> [DATA FOR THE TASK]:

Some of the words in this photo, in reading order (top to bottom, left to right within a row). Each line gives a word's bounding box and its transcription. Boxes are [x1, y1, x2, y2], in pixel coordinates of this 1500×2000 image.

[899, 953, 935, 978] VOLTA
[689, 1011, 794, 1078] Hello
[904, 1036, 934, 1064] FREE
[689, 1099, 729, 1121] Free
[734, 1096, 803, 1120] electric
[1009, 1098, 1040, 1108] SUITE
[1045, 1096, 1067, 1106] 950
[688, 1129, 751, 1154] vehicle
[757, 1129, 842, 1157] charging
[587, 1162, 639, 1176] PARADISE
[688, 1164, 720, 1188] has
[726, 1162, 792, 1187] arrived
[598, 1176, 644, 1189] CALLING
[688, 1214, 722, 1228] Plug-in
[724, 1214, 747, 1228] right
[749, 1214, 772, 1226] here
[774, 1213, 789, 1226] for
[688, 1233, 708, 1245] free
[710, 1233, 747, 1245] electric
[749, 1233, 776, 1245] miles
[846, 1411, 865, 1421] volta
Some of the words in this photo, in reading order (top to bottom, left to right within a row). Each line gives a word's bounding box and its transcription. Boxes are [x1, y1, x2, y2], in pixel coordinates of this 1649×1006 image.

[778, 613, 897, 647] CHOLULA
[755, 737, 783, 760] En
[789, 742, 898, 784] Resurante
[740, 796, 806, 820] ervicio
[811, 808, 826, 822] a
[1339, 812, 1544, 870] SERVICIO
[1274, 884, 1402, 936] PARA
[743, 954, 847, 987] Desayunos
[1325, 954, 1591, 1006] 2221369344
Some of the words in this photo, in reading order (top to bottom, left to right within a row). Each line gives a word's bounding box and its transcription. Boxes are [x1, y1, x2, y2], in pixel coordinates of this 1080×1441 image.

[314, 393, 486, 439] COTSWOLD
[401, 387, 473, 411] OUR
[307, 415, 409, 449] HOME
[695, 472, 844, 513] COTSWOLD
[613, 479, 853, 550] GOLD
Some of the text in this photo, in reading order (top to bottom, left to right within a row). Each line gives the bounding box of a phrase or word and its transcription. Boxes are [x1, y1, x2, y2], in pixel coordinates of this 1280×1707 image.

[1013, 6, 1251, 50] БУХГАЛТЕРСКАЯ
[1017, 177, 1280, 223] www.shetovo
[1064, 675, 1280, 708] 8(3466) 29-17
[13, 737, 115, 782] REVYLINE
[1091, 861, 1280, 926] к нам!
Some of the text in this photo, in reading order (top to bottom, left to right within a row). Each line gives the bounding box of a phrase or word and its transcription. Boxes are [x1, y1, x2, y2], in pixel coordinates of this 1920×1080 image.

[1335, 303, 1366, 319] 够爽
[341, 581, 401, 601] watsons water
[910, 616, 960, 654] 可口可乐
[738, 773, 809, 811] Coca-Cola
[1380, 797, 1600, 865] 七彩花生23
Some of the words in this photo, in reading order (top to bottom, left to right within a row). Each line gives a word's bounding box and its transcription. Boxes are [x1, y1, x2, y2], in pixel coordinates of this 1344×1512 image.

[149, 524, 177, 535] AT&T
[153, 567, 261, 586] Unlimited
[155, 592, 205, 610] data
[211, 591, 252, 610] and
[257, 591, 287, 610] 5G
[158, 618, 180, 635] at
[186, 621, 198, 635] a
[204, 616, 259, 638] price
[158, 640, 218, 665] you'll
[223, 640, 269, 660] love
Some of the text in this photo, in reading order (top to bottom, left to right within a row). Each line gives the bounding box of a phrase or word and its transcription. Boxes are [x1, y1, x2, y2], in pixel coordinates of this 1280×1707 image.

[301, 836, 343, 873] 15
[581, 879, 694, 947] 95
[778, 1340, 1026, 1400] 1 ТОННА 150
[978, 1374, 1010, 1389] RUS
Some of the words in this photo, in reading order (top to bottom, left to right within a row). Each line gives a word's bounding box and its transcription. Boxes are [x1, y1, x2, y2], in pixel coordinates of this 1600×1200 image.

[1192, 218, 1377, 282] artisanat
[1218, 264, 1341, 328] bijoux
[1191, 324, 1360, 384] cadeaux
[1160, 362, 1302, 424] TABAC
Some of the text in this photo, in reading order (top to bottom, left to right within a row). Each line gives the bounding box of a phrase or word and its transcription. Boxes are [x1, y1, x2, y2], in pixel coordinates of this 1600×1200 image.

> [THE PROBLEM]:
All of the material above should be repeated exactly.

> [SOLVED PROBLEM]:
Some of the words in this photo, in reading order (top to bottom, left to right within a row). Each line gives a word's bounding box and its transcription. Boxes are [x1, y1, x2, y2], in pixel coordinates of this 1500×2000 image.

[899, 953, 935, 978] VOLTA
[689, 1011, 794, 1078] Hello
[904, 1036, 934, 1064] FREE
[689, 1099, 729, 1121] Free
[734, 1096, 803, 1120] electric
[1009, 1098, 1040, 1108] SUITE
[1045, 1096, 1067, 1106] 950
[688, 1129, 751, 1154] vehicle
[757, 1129, 842, 1157] charging
[587, 1162, 639, 1176] PARADISE
[688, 1164, 720, 1188] has
[726, 1162, 792, 1187] arrived
[598, 1176, 644, 1189] CALLING
[688, 1214, 722, 1228] Plug-in
[724, 1214, 747, 1228] right
[749, 1214, 772, 1226] here
[774, 1213, 789, 1226] for
[688, 1233, 708, 1245] free
[710, 1233, 747, 1245] electric
[749, 1233, 776, 1245] miles
[846, 1411, 865, 1421] volta
Some of the words in this photo, in reading order (top to bottom, left to right within a row). Each line gives a word's bounding box and its transcription. Boxes are [x1, y1, x2, y2], in pixel coordinates of this 1649×1006 image.

[778, 613, 897, 647] CHOLULA
[755, 737, 783, 760] En
[789, 742, 898, 784] Resurante
[740, 796, 806, 820] ervicio
[811, 808, 826, 822] a
[1339, 812, 1544, 870] SERVICIO
[1274, 884, 1402, 936] PARA
[743, 954, 847, 987] Desayunos
[1325, 954, 1591, 1006] 2221369344
Some of the words in this photo, in reading order (top to bottom, left to right within a row). Each line gives a word's bounding box and its transcription. Boxes are [x1, y1, x2, y2], in pixel coordinates of this 1080×1441 image.

[314, 393, 486, 439] COTSWOLD
[401, 387, 473, 411] OUR
[307, 415, 409, 449] HOME
[695, 472, 844, 513] COTSWOLD
[613, 479, 853, 550] GOLD
Some of the text in this photo, in reading order (top to bottom, left to right within a row). Each line gives the bounding box of a phrase or word and its transcription. Boxes are [x1, y1, x2, y2], in pixel coordinates of this 1280×1707 image.

[1013, 6, 1251, 50] БУХГАЛТЕРСКАЯ
[1017, 177, 1280, 223] www.shetovo
[1064, 675, 1280, 708] 8(3466) 29-17
[13, 737, 115, 782] REVYLINE
[1091, 861, 1280, 926] к нам!
Some of the text in this photo, in reading order (top to bottom, left to right within a row). Each line gives the bounding box of a phrase or word and its transcription. Boxes are [x1, y1, x2, y2], in pixel coordinates of this 1920×1080 image.

[1335, 303, 1366, 319] 够爽
[341, 581, 401, 601] watsons water
[910, 616, 960, 654] 可口可乐
[738, 773, 809, 811] Coca-Cola
[1380, 797, 1600, 865] 七彩花生23
Some of the words in this photo, in reading order (top to bottom, left to right within a row). Each line gives a word's bounding box and its transcription. Boxes are [x1, y1, x2, y2], in pixel coordinates of this 1344×1512 image.

[149, 524, 177, 535] AT&T
[153, 567, 261, 586] Unlimited
[155, 592, 205, 610] data
[211, 591, 252, 610] and
[257, 591, 287, 610] 5G
[158, 618, 180, 635] at
[186, 621, 198, 635] a
[204, 616, 259, 638] price
[158, 640, 218, 665] you'll
[223, 640, 269, 660] love
Some of the text in this photo, in reading order (top to bottom, left to right within a row). Each line gives the bounding box of a phrase or word and its transcription. Boxes are [x1, y1, x2, y2], in pixel coordinates of this 1280×1707 image.

[301, 836, 343, 873] 15
[581, 879, 694, 947] 95
[778, 1340, 1026, 1400] 1 ТОННА 150
[978, 1374, 1010, 1389] RUS
Some of the words in this photo, in reading order (top to bottom, left to right within a row). Each line gives a word's bounding box and its transcription. Boxes are [x1, y1, x2, y2], in pixel coordinates of this 1600×1200 image.

[1192, 218, 1377, 282] artisanat
[1218, 264, 1341, 328] bijoux
[1191, 324, 1360, 384] cadeaux
[1160, 362, 1302, 424] TABAC
Some of the text in this photo, in reading order (top to bottom, left to right within a row). Each line gives the bounding box of a phrase or word and its transcription. Boxes are [x1, y1, x2, y2], in pixel coordinates of this 1600×1200 image.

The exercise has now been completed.